= Beginning of Section =

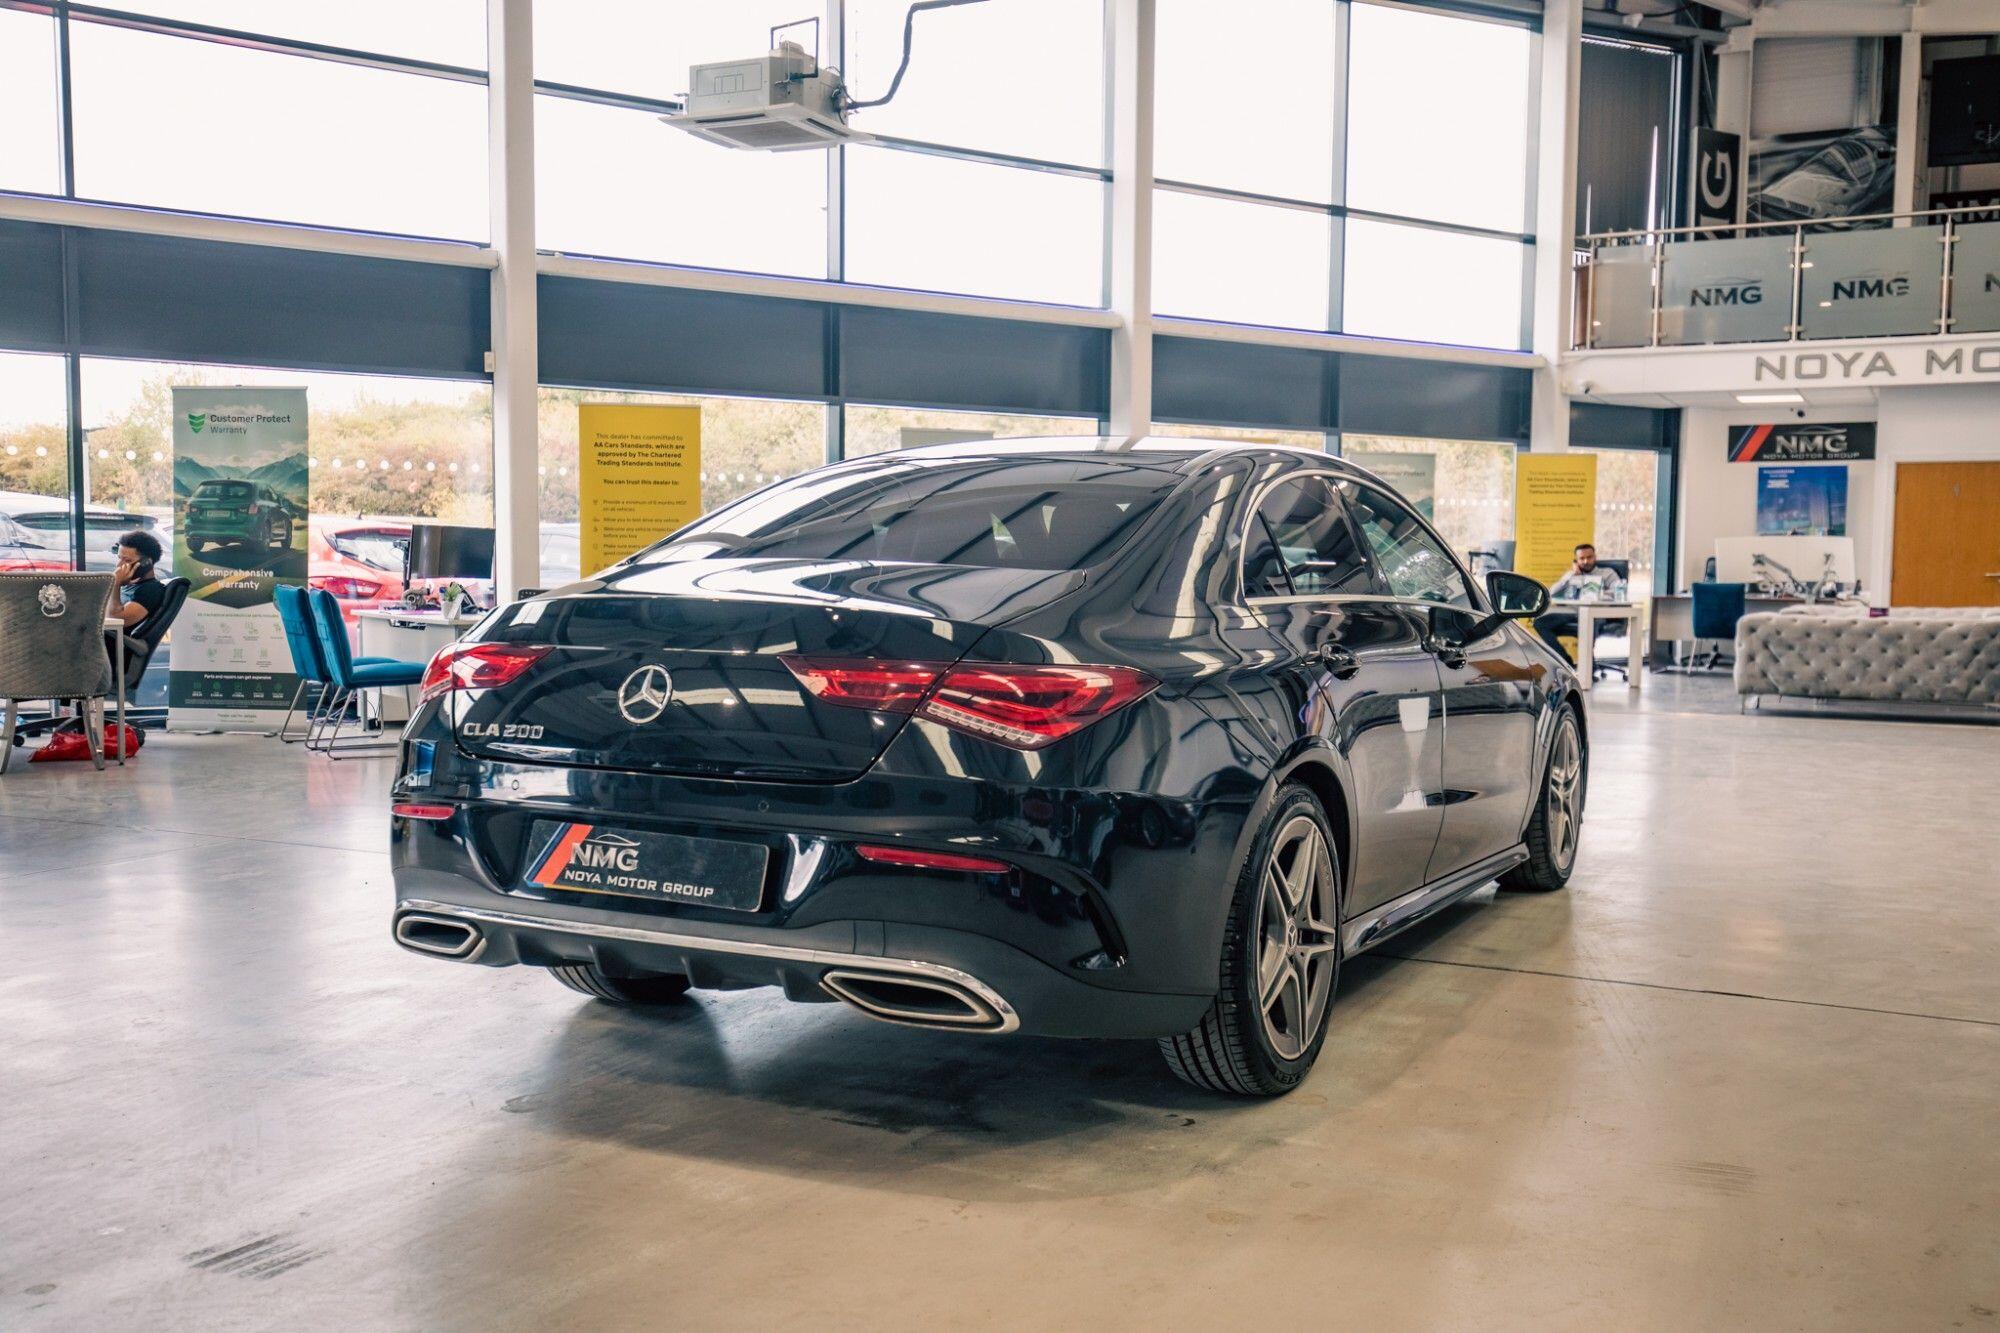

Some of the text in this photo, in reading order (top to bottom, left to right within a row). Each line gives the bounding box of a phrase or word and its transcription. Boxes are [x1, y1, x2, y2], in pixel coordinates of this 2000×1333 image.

[1690, 286, 1762, 307] NMG
[1833, 277, 1910, 300] NMG
[1755, 351, 1897, 382] NOYA
[210, 414, 291, 423] Customer Protect
[210, 426, 247, 435] Warranty
[1775, 434, 1848, 453] NMG
[597, 459, 620, 467] Trading
[202, 567, 274, 578] Comprehensive
[218, 580, 260, 590] Warranty
[463, 722, 544, 739] CLA 200
[568, 842, 640, 872] NMG
[564, 870, 715, 898] NOYA MOTOR GROUP

= End of Section =

## Problem details:
Could the listing above be transcribed exactly, with the pictures left out?

## Exercise response:
Some of the text in this photo, in reading order (top to bottom, left to right within a row). Each line gives the bounding box of a phrase or word and its transcription. Boxes are [x1, y1, x2, y2], in pixel coordinates of this 2000×1333 image.

[1690, 286, 1762, 307] NMG
[1833, 277, 1910, 300] NMG
[1755, 351, 1897, 382] NOYA
[210, 414, 291, 423] Customer Protect
[210, 426, 247, 435] Warranty
[1775, 434, 1848, 453] NMG
[597, 459, 620, 467] Trading
[202, 567, 274, 578] Comprehensive
[218, 580, 260, 590] Warranty
[463, 722, 544, 739] CLA 200
[568, 842, 640, 872] NMG
[564, 870, 715, 898] NOYA MOTOR GROUP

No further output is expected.